Brian Pedlar, Covalon's President and Chief Executive Officer, said, "After carefully evaluating numerous expressions of interest during our previously announced strategic review process led by the Special Committee, the Covalon Board of Directors decided that the transaction with TIDI was the best option for Covalon to proceed with at this time. The transaction results in a strong  balance sheet with significant cash and no debt, and allows us to focus on accelerating the growth of our core patented medical platforms in the United States and internationally, including our Collagen Dressings, Antimicrobial Silicone Adhesive Dressings and Advanced Medical Coatings platforms."

Amir Boloor, Chair of Covalon's Board of Directors and the Special Committee, said, "The Strategic Review process validated how valuable Covalon's technologies are, and how highly regarded they are by the medical industry. The fact that we were able to divest a non-core asset at fair value for an amount that is approximately equal to the market capitalization of the entire Company speaks to the opportunity to unlock significant further value in our core platforms. Retaining the valuable patented intellectual property and medical platforms, as well as its talented lab, positions Covalon extremely well going forward."

Under the terms of a purchase agreement, Covalon sold all of its interest in Covalon Technologies Holdings (USA), Ltd. and Covalon Technologies AG Ltd. (the "Former Subsidiaries") to TIDI. The transaction includes the sale of moisture barrier products sold under the AquaGuard brand, certain trademarks and intellectual property, related customer contracts, and the manufacturing assets to support the AquaGuard business. AquaGuard's customers and distribution partners are expected to benefit from TIDI's current extensive market reach, bringing AquaGuard to more patients and more hospitals. Immediately prior to closing, Covalon spun-off all of its assets in the Former Subsidiaries other than its AquaGuard product line of business to an existing subsidiary of Covalon, which will carry on Covalon's ongoing business in the United States. The purchase price of US$30 million includes US$2 million placed in escrow for indemnity claims (which escrow amount will be released 50% in 12 months following closing and the remaining 50% in 14 months following closing, assuming no claims). 

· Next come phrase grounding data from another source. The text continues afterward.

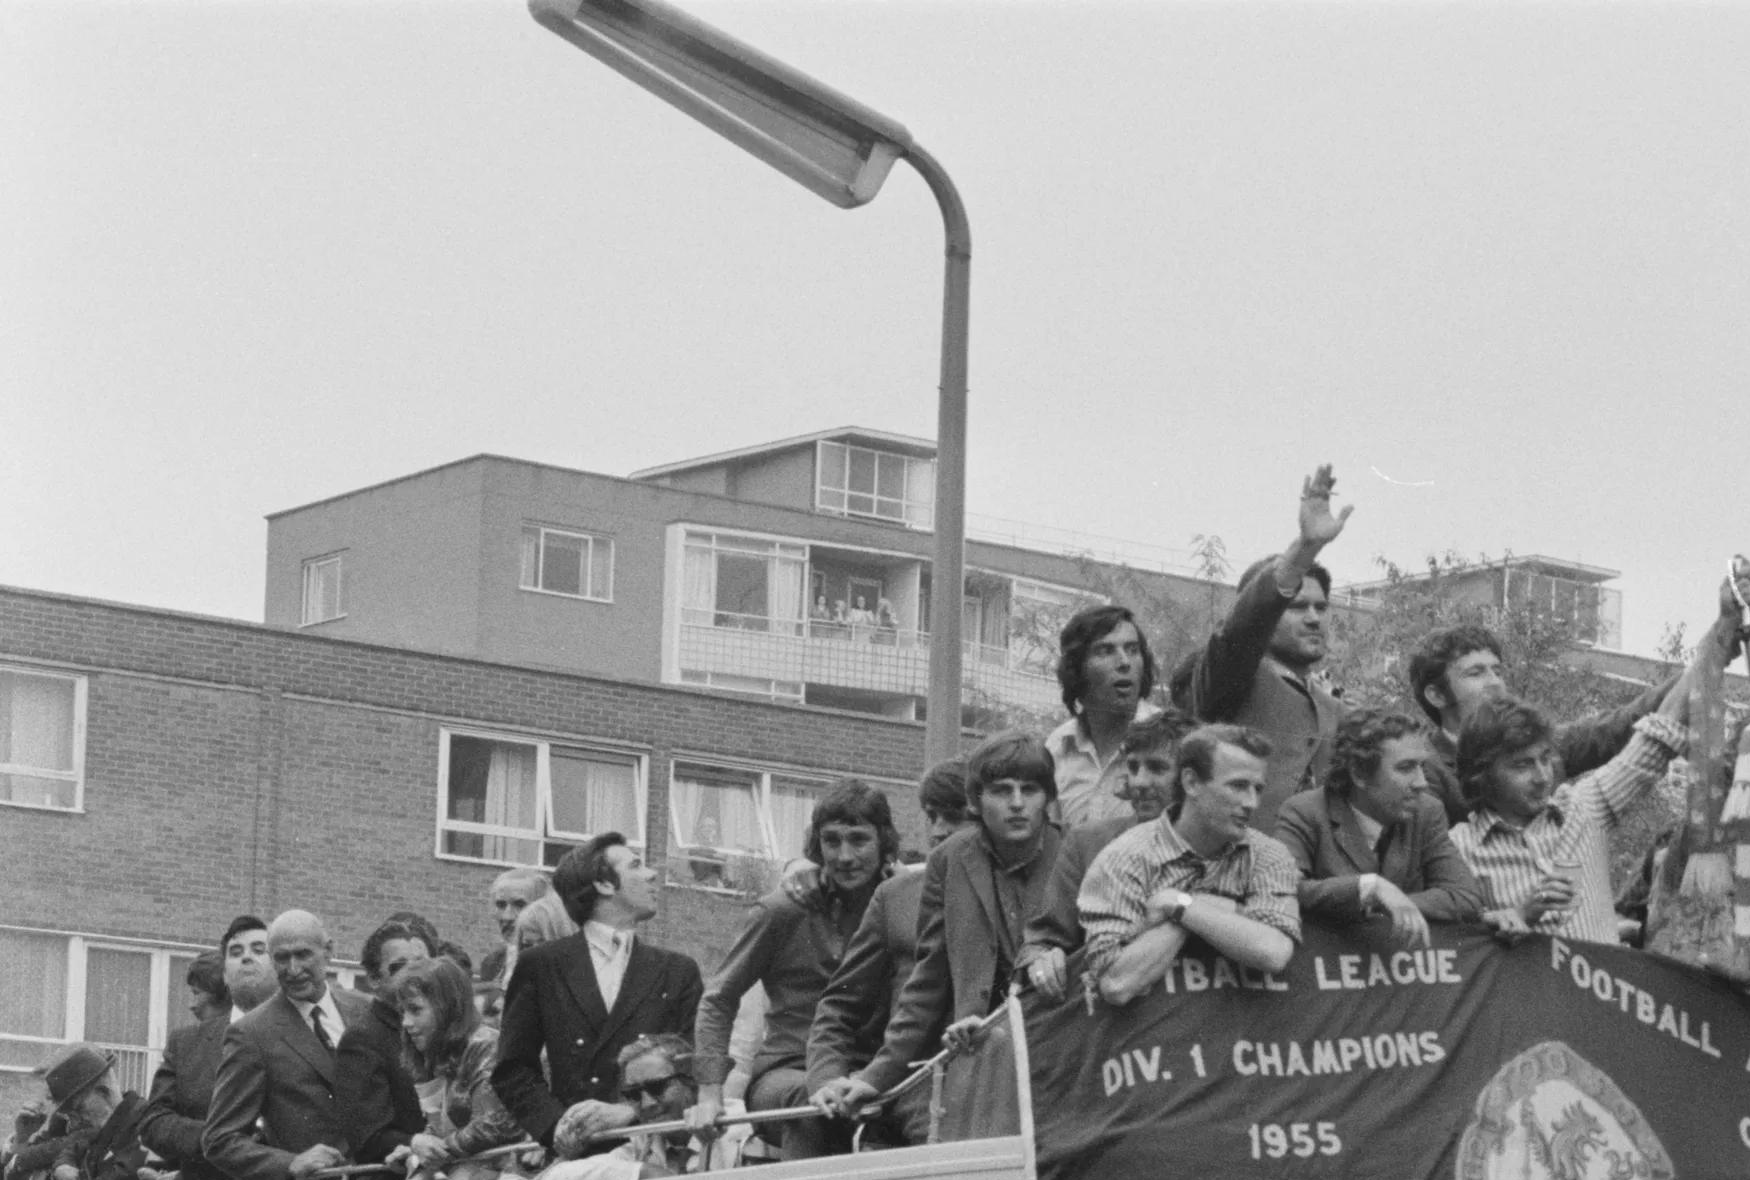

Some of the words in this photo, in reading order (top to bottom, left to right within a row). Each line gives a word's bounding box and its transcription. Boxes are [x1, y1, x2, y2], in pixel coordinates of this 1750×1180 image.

[1163, 956, 1289, 994] TBALL
[1314, 948, 1463, 990] LEAGUE
[1551, 936, 1723, 1059] FOOTBALL
[1102, 1045, 1173, 1098] DIV.
[1189, 1043, 1207, 1078] 1
[1232, 1030, 1447, 1077] CHAMPIONS
[1249, 1121, 1344, 1160] 1955

Covalon used net proceeds from the sale to fully satisfy its indebtedness to its senior lender, HSBC Bank Canada ("HSBC"), and the credit facility with HSBC has now been terminated. Covalon will explore putting in place a new credit facility that reflects the Company's improved balance sheet and financial position.

Covalon also extinguished US$7,552,300 of secured indebtedness owed to Cenorin, LLC under a promissory note dated as of October 1, 2018, as amended, by making a cash payment of US$4,000,000 to Cenorin and issuing to Cenorin 200,000 warrants for the purchase of common shares in the capital of Covalon (the "Warrants"). Each Warrant entitles the holder to acquire a common share of Covalon at a price of CDN$4.00 for a period of five years. The issuance of the Warrants has been approved by the TSX Venture Exchange. The Warrants and the common shares of Covalon underlying them will be subject to a hold period of four months and one day in accordance with applicable securities laws.

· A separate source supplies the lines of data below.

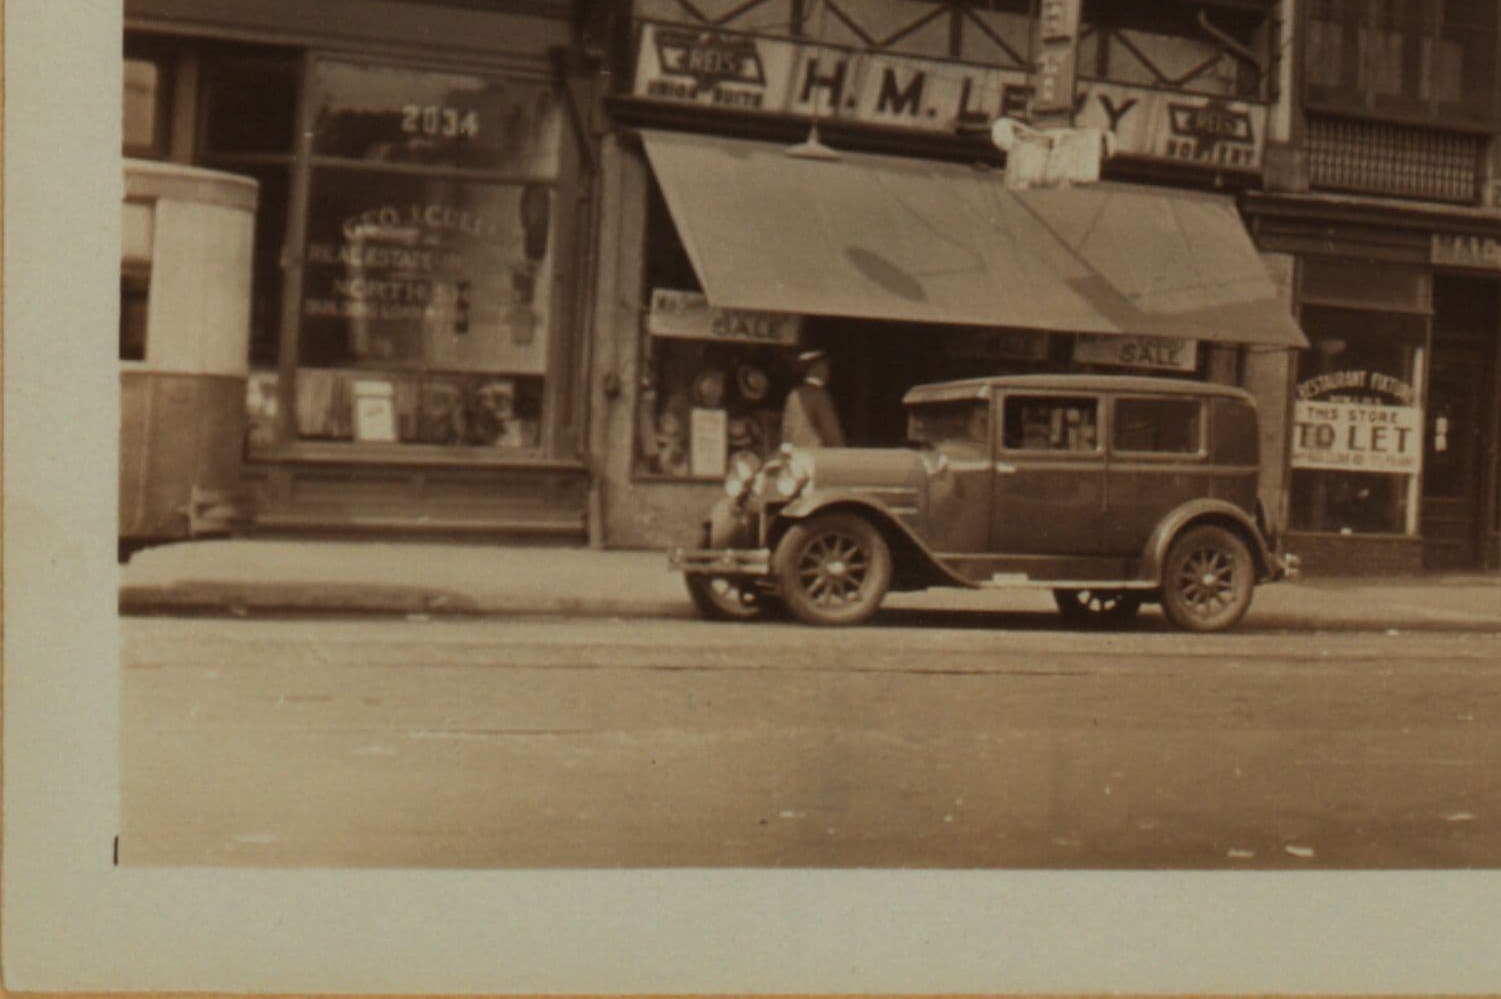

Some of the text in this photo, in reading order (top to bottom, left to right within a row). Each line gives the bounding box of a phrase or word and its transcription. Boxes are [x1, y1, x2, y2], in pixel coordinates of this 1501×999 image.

[400, 104, 480, 138] 2034
[1118, 342, 1181, 368] SALE
[1306, 406, 1398, 424] THIS STORE
[1298, 422, 1412, 453] TO LET
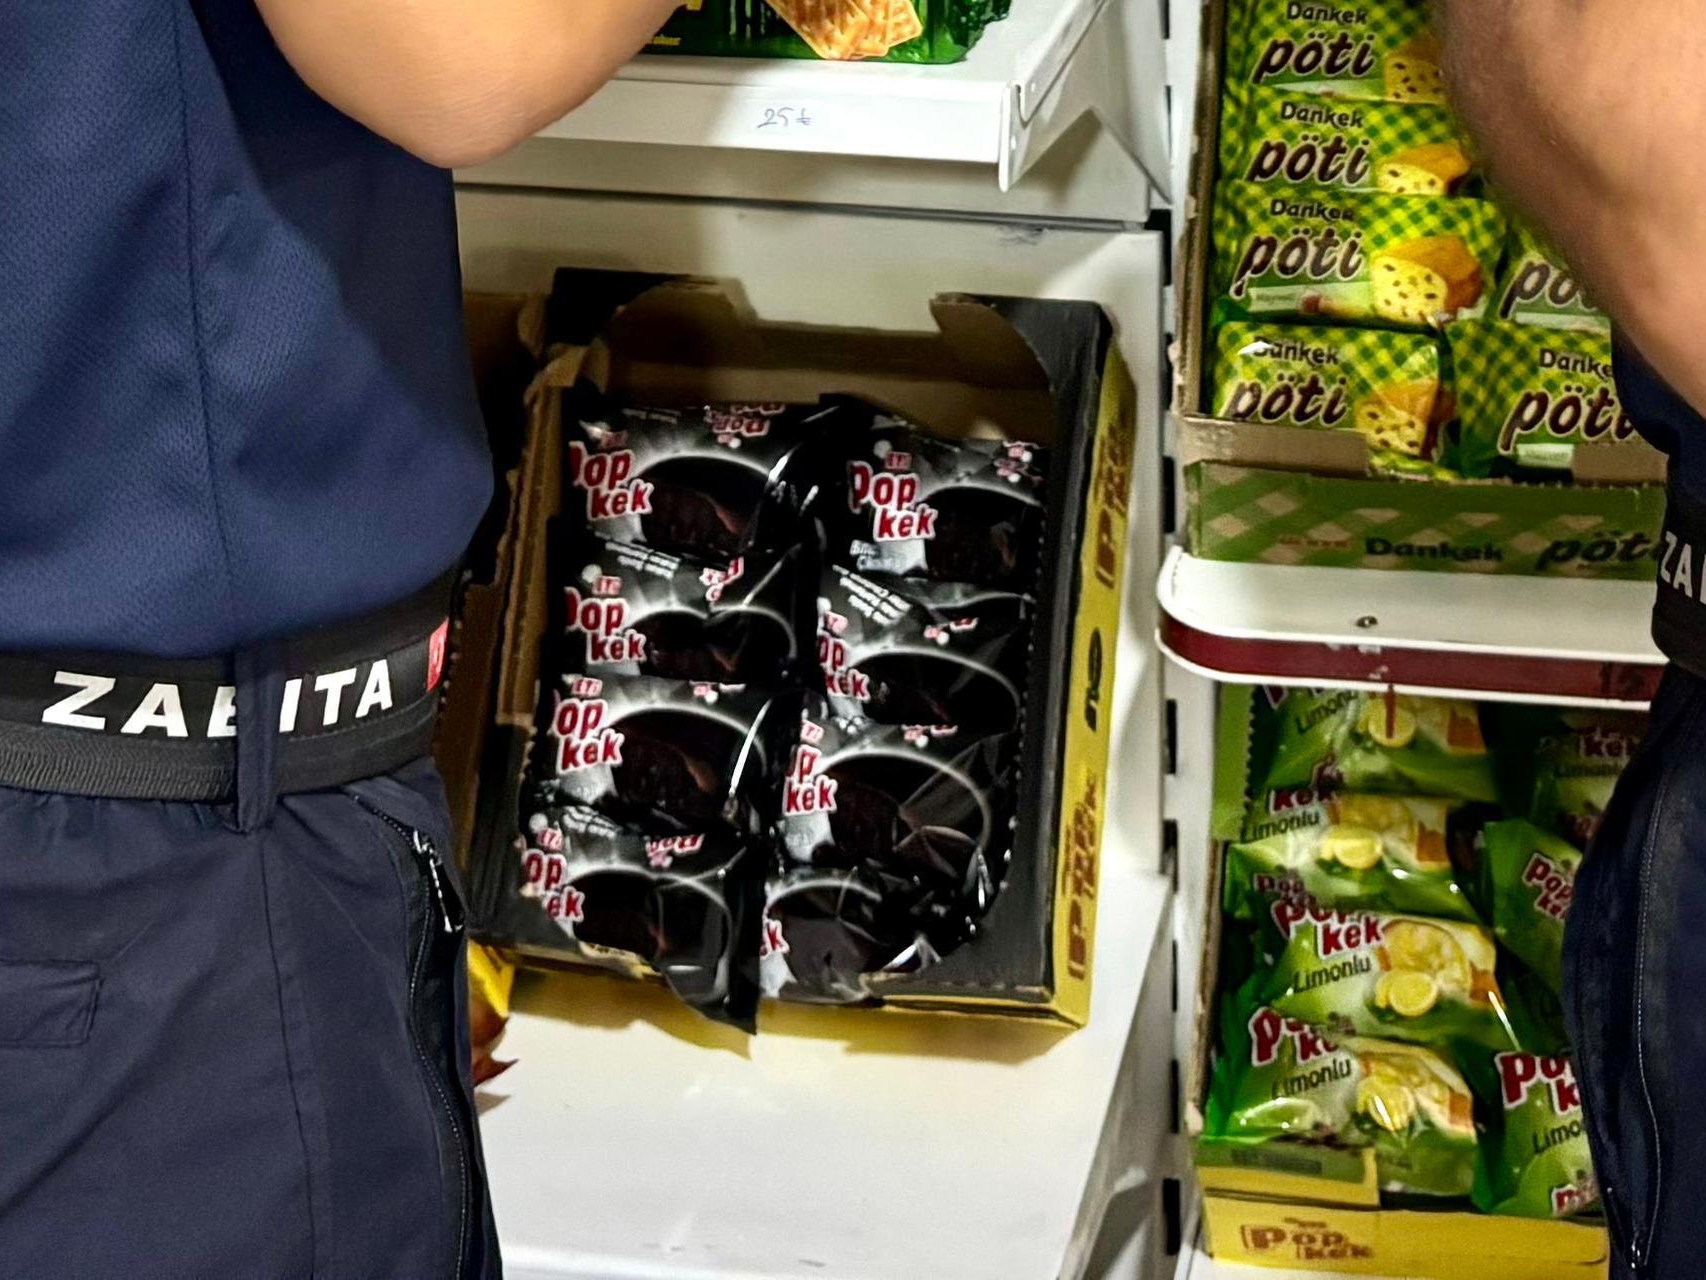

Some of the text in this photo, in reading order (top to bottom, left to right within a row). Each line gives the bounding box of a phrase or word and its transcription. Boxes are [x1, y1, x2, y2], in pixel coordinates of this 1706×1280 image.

[1286, 0, 1368, 26] Dankek
[1252, 29, 1376, 85] pöti
[1278, 100, 1366, 129] Dankek
[1247, 133, 1374, 187] pöti
[1230, 228, 1367, 299] pöti
[1538, 347, 1613, 379] Danke
[1220, 373, 1350, 427] pöti
[587, 478, 654, 520] kek
[873, 502, 938, 541] kek
[586, 629, 647, 664] kek
[554, 697, 608, 739] op
[557, 728, 624, 774] kek
[782, 775, 838, 817] kek
[523, 849, 566, 887] op
[1320, 910, 1385, 959] kek

The transaction results in Covalon having a pro forma cash position of approximately CDN$24 million or CDN$0.93 per share after repayment of all outstanding debt.

The sale results in a net gain, prior to transaction expenses, of approximately CDN$20 million or CDN$0.77 per share on an after-tax basis over what Covalon paid for the AquaGuard business approximately 3 years ago.


Stikeman Elliott LLP and Foley & Lardner LLP acted as legal advisors, and Morrison Park Advisors acted as financial advisor, to Covalon. Sidley Austin LLP acted as legal advisor to TIDI Products, LLC.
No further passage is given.